___ INPUT RECORDS

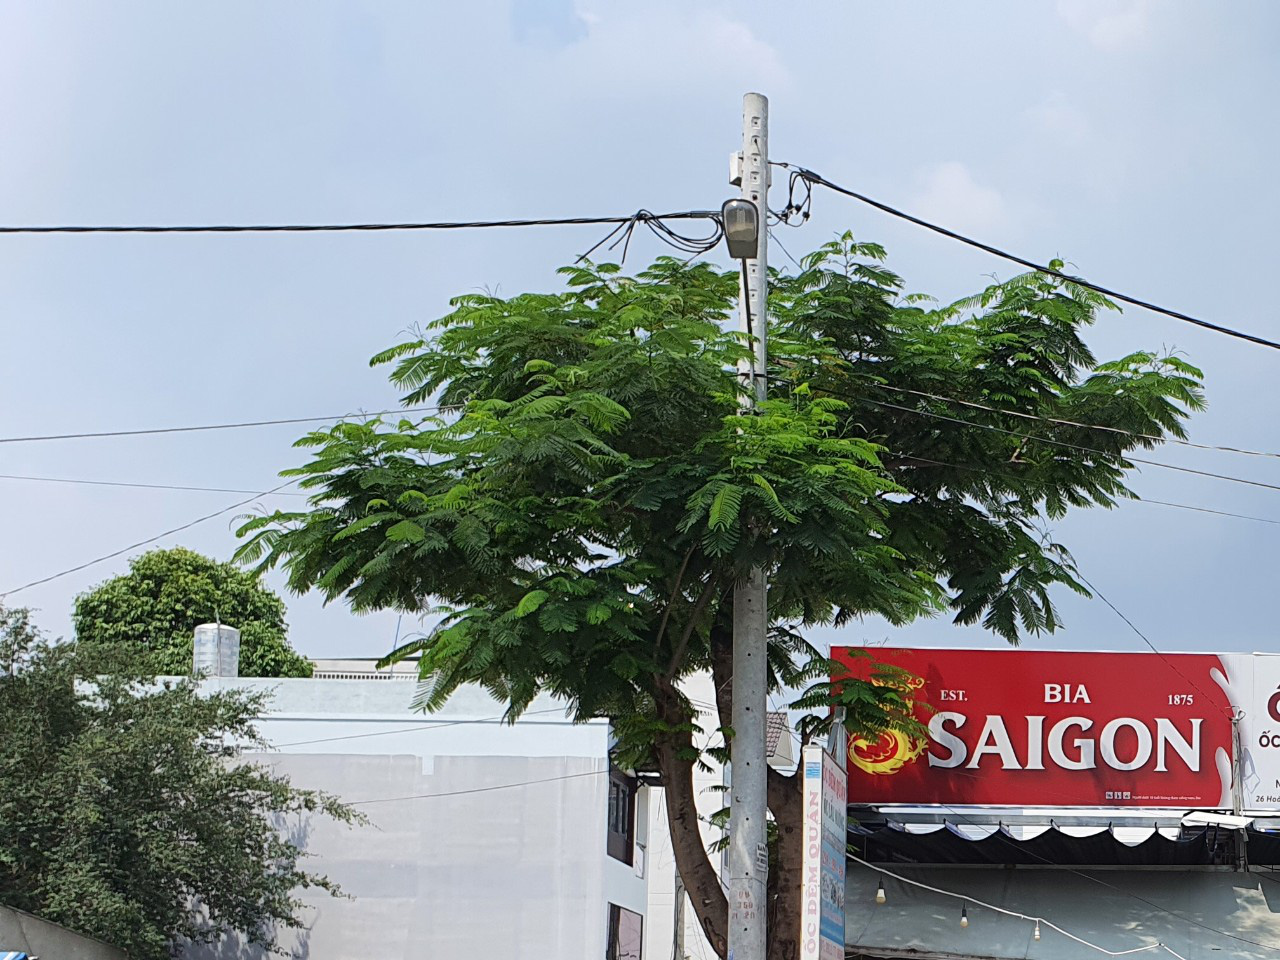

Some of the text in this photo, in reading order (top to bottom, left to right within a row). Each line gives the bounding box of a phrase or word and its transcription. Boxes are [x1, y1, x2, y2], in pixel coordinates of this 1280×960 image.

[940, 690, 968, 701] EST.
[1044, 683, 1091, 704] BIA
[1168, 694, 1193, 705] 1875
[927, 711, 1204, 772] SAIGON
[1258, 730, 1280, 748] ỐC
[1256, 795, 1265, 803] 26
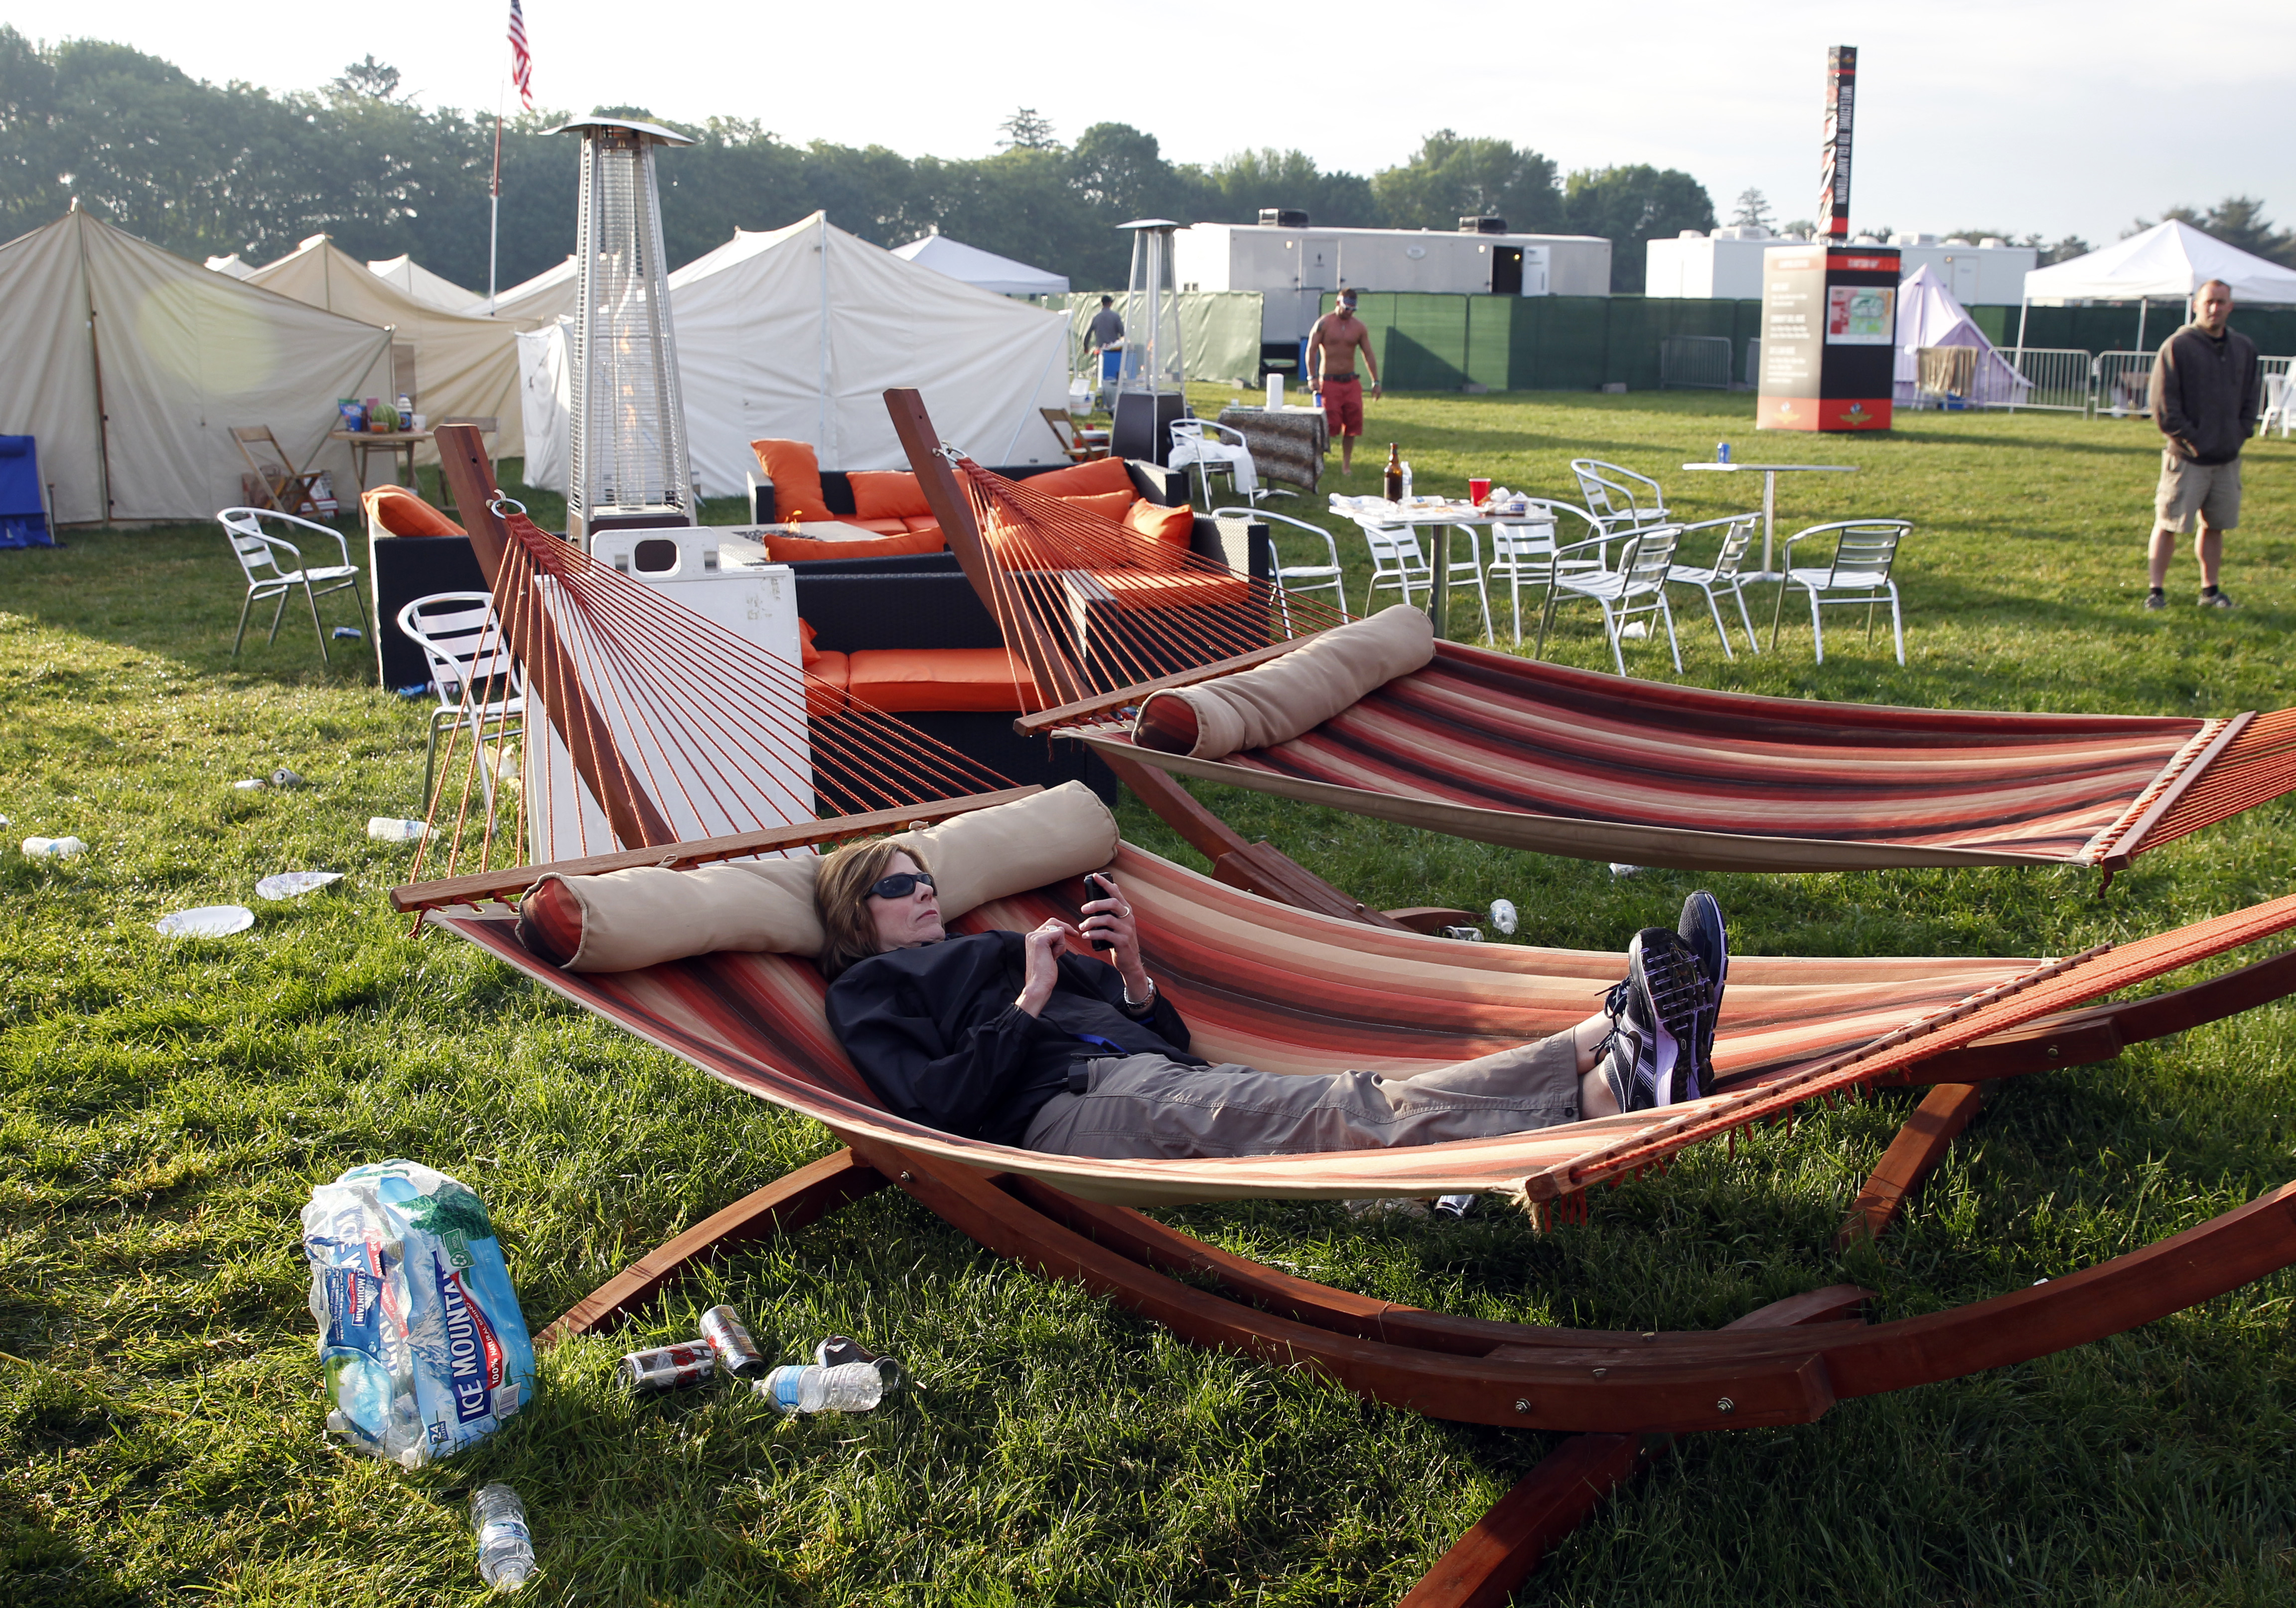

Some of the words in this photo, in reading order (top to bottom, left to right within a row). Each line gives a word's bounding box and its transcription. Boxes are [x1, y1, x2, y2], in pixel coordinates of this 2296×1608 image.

______

Transcribe the preceding listing in its entirety and with exact wording, leaving out pictures.

• SOLUTION FOR THIS PROBLEM:
Some of the text in this photo, in reading order (top to bottom, left to right within a row). Each line gives the bounding box of a phrase or word and its transcription. Boxes are [x1, y1, x2, y2], in pixel coordinates of this 1280×960 image.

[940, 690, 968, 701] EST.
[1044, 683, 1091, 704] BIA
[1168, 694, 1193, 705] 1875
[927, 711, 1204, 772] SAIGON
[1258, 730, 1280, 748] ỐC
[1256, 795, 1265, 803] 26

Some of the words in this photo, in reading order (top to bottom, left to right within a row). Each line gives a word's bounding box and its transcription. Boxes are [x1, y1, x2, y2], in pixel coordinates of this 2296×1608 image.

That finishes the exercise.